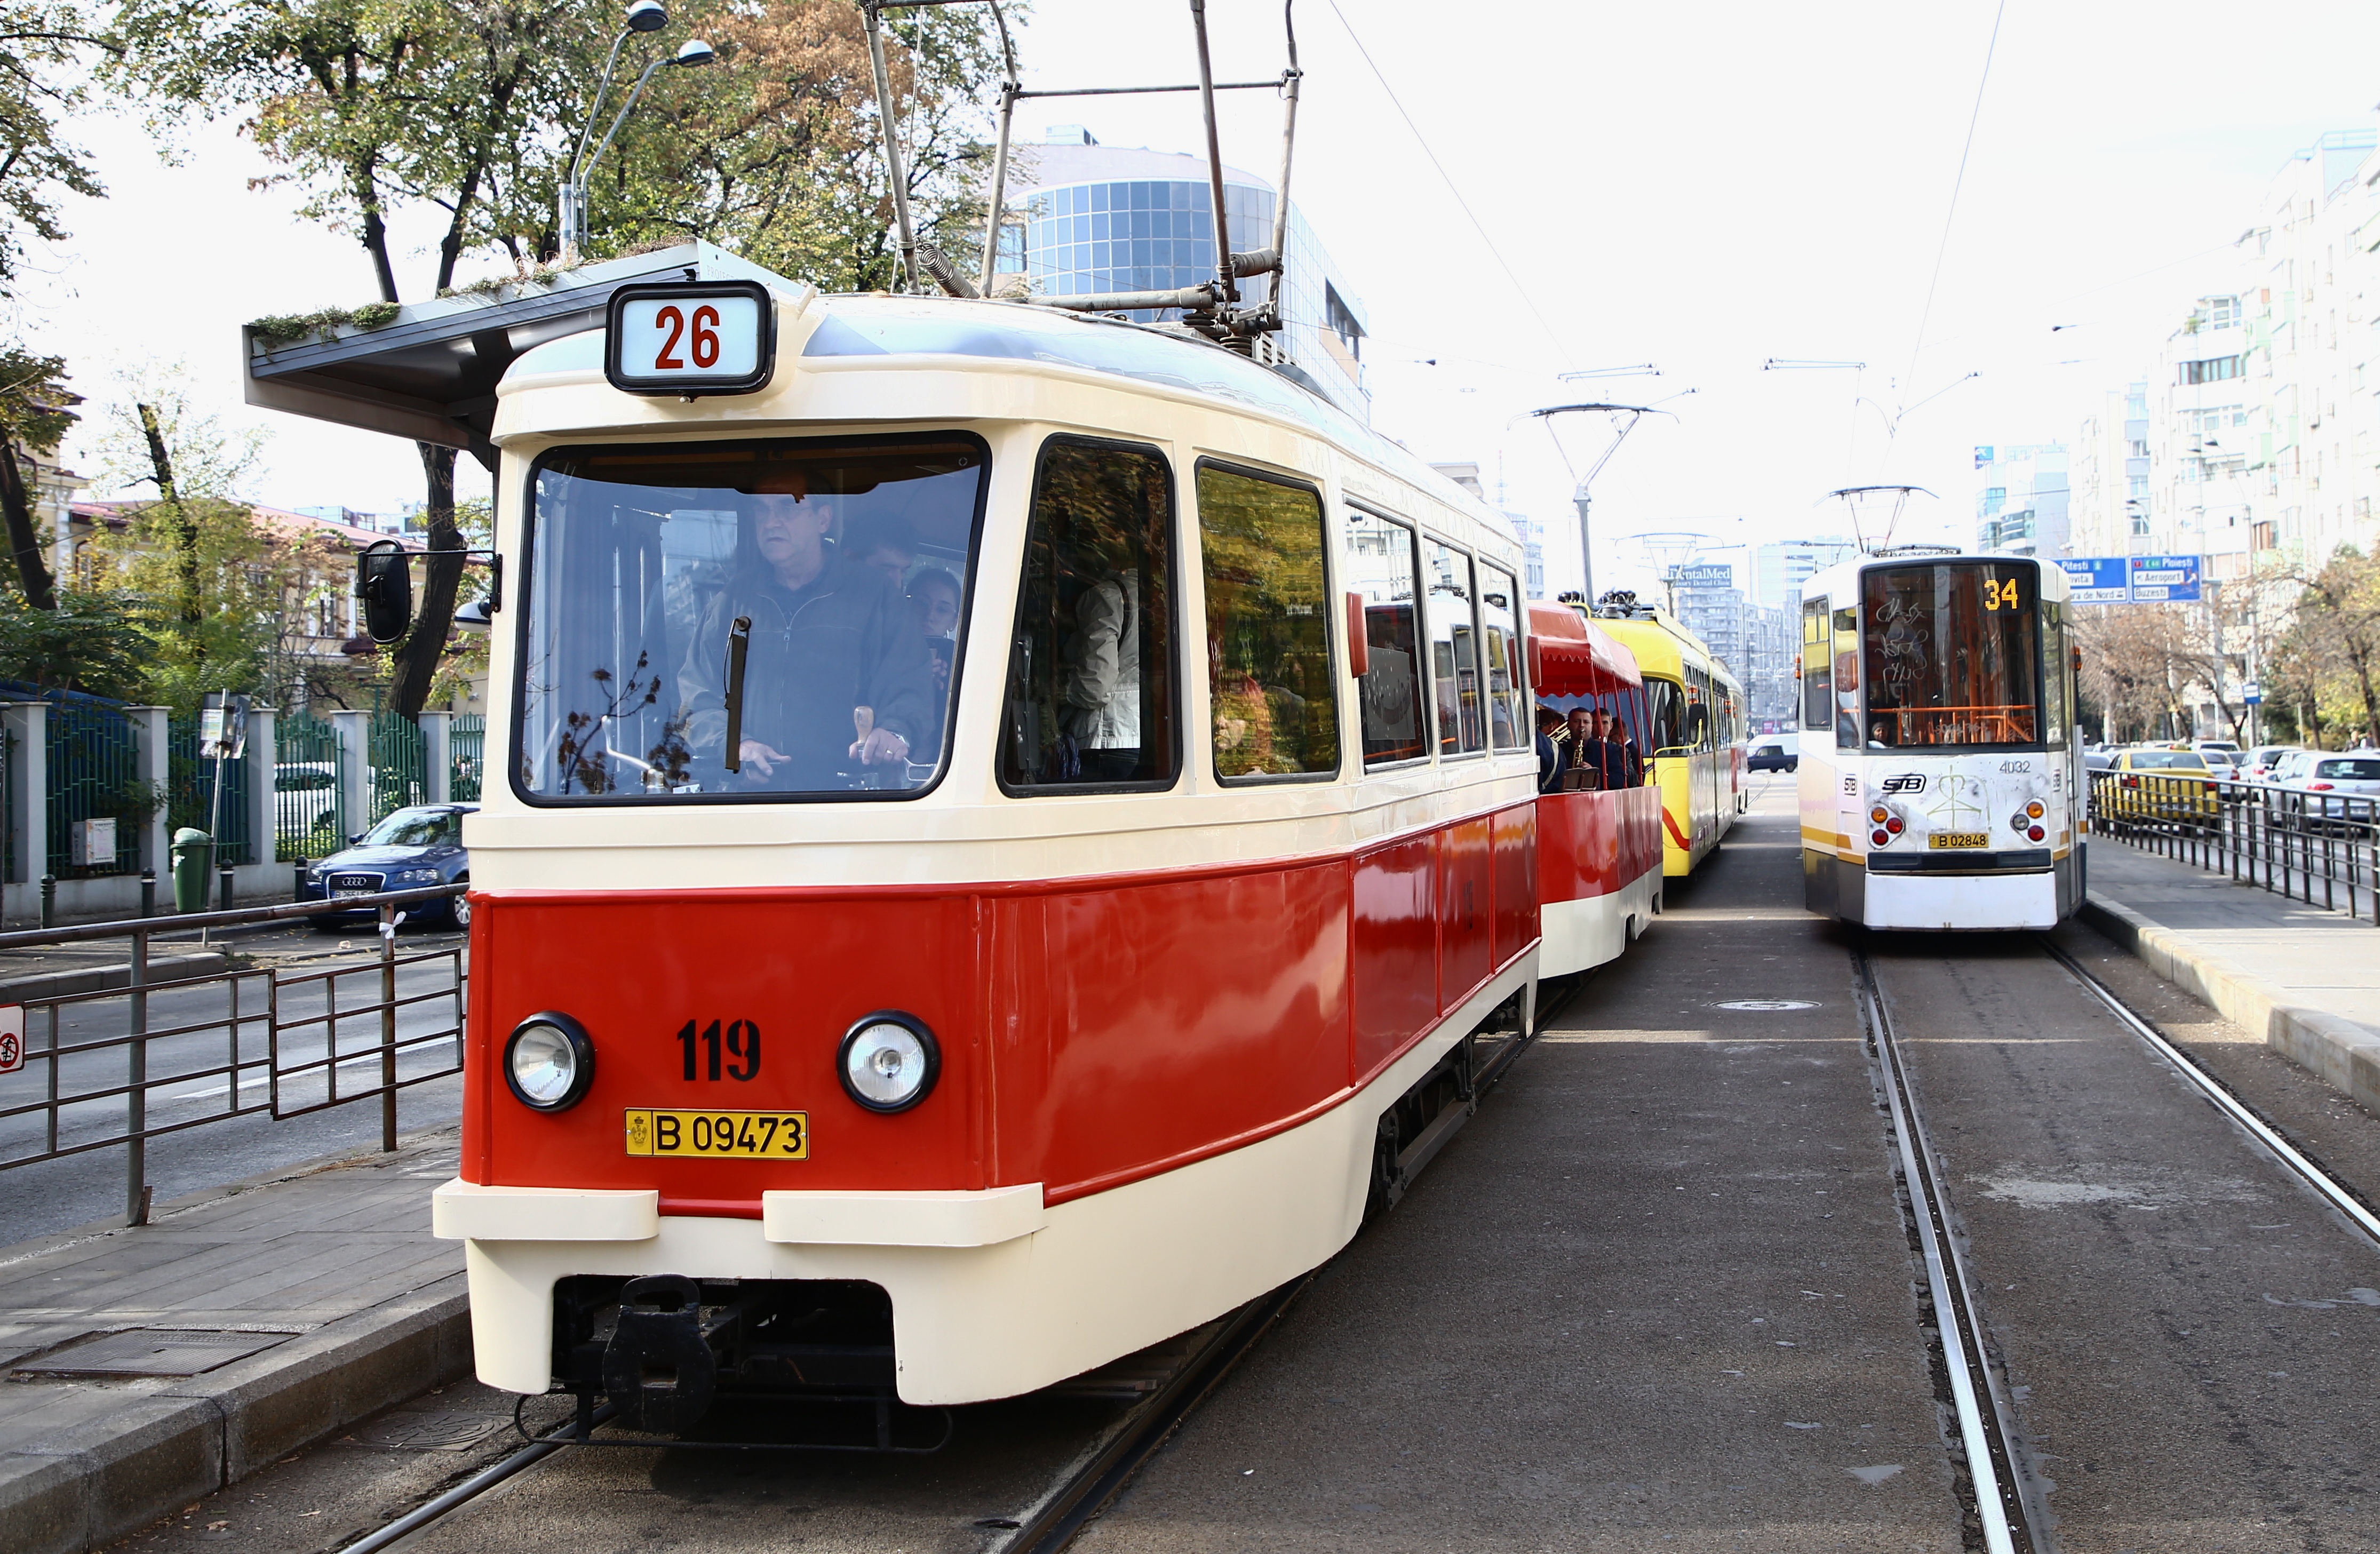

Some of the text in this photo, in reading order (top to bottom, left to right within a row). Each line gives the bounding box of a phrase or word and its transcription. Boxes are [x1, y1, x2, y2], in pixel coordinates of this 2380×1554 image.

[655, 305, 720, 369] 26
[2145, 572, 2180, 584] Aeroport
[1984, 578, 2018, 610] 34
[2083, 591, 2092, 599] de
[2096, 590, 2114, 599] Nord
[1999, 761, 2031, 773] 4032
[1844, 778, 1856, 791] STB
[1882, 778, 1922, 790] STB
[1939, 835, 1986, 847] B 02848
[677, 1019, 761, 1081] 119
[657, 1115, 802, 1153] B 09473
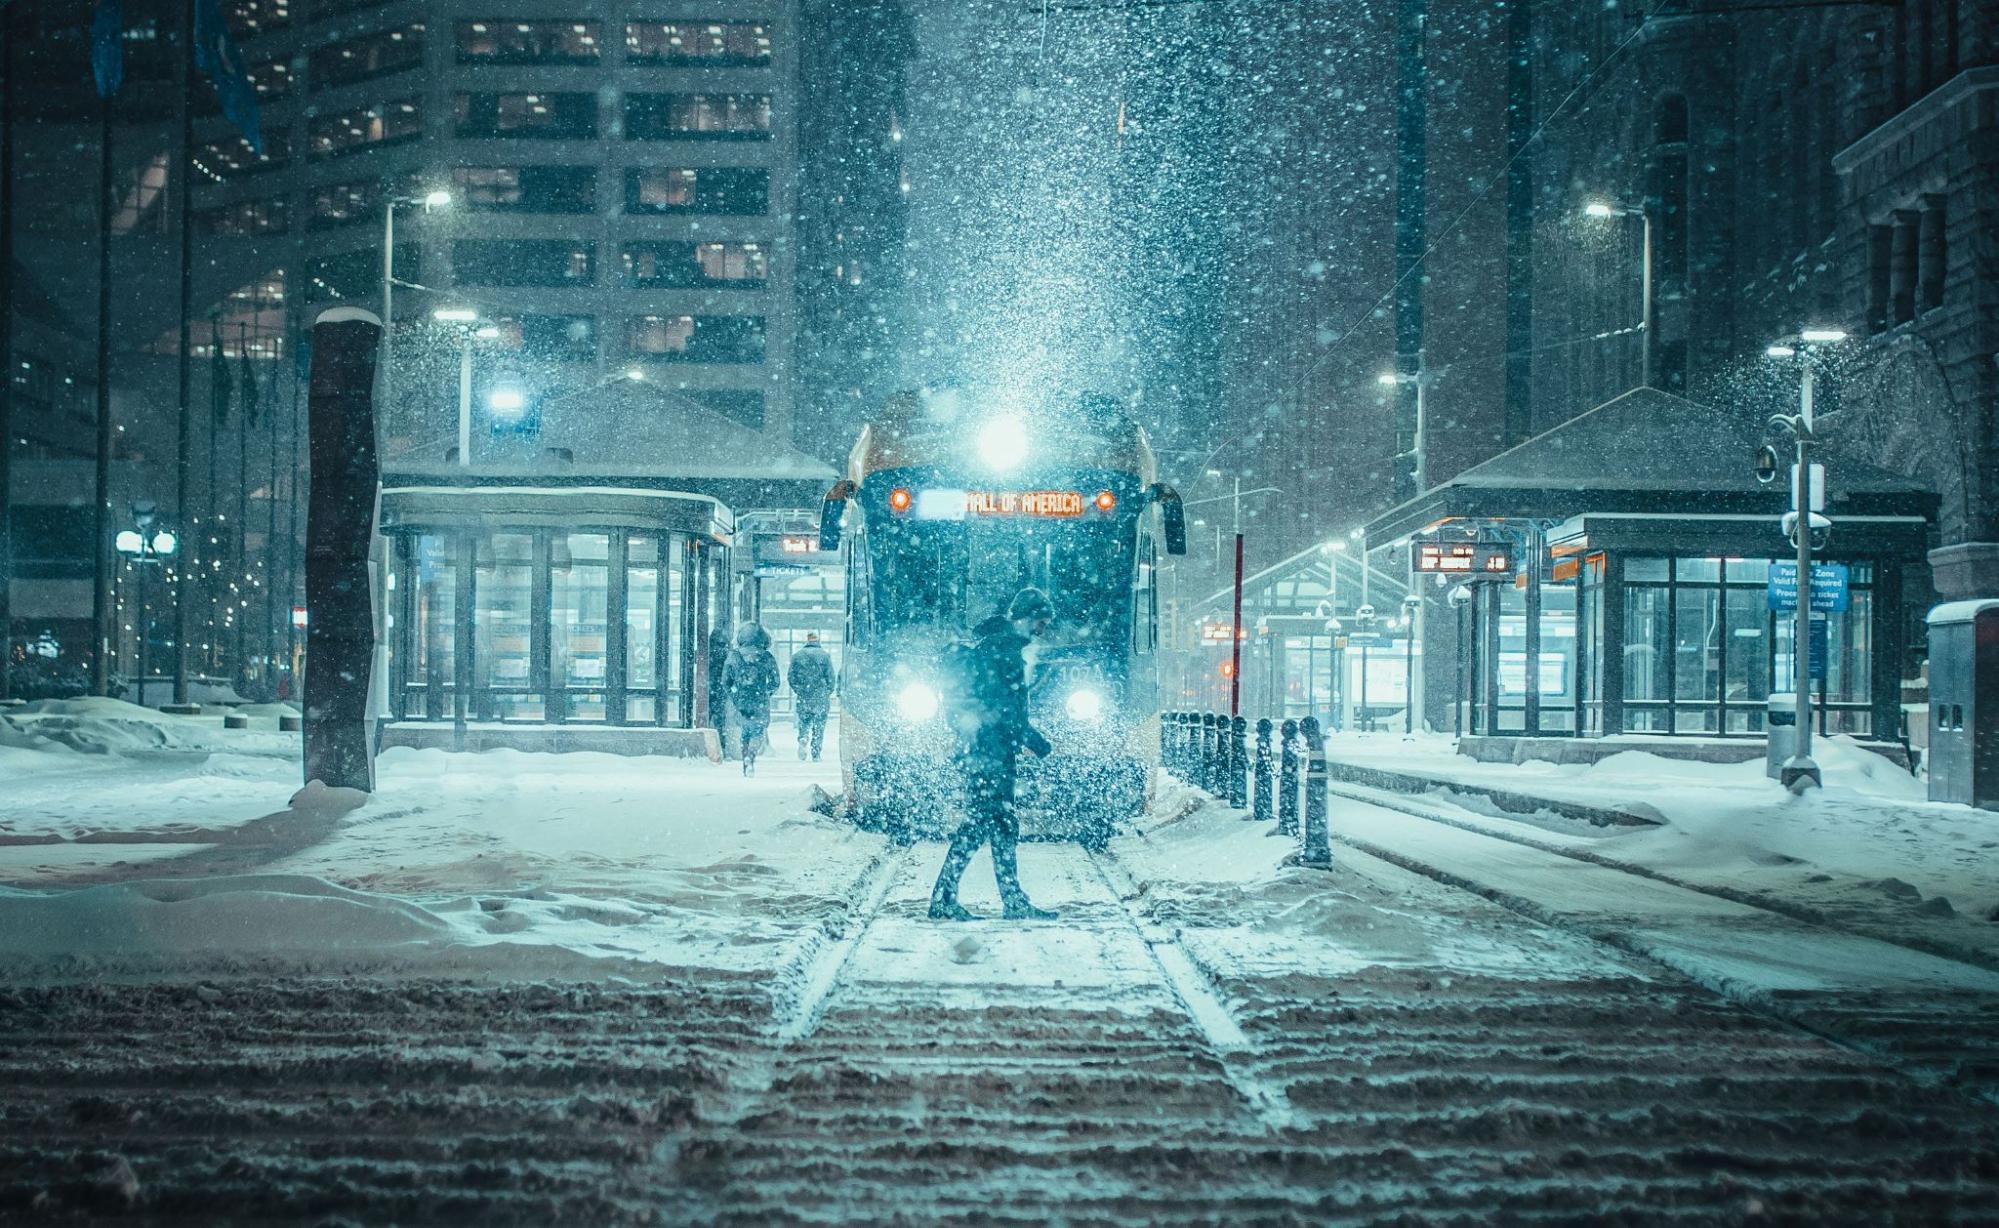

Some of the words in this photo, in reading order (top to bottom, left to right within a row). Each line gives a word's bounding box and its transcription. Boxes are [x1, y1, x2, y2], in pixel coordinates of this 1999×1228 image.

----

INSTRUCTIONS TO FOLLOW: Could you print the listing above exactly, without the pictures?

RESPONSE:
Some of the text in this photo, in reading order (top to bottom, left to right within a row). Each line gives the bounding box of a phrase or word and its transcription. Boxes are [x1, y1, x2, y2], in pixel coordinates of this 2380×1554 image.

[655, 305, 720, 369] 26
[2145, 572, 2180, 584] Aeroport
[1984, 578, 2018, 610] 34
[2083, 591, 2092, 599] de
[2096, 590, 2114, 599] Nord
[1999, 761, 2031, 773] 4032
[1844, 778, 1856, 791] STB
[1882, 778, 1922, 790] STB
[1939, 835, 1986, 847] B 02848
[677, 1019, 761, 1081] 119
[657, 1115, 802, 1153] B 09473

Some of the words in this photo, in reading order (top to bottom, left to right within a row). Each line gives a word's bounding box and its transcription. Boxes are [x1, y1, x2, y2], in pixel coordinates of this 1999×1228 image.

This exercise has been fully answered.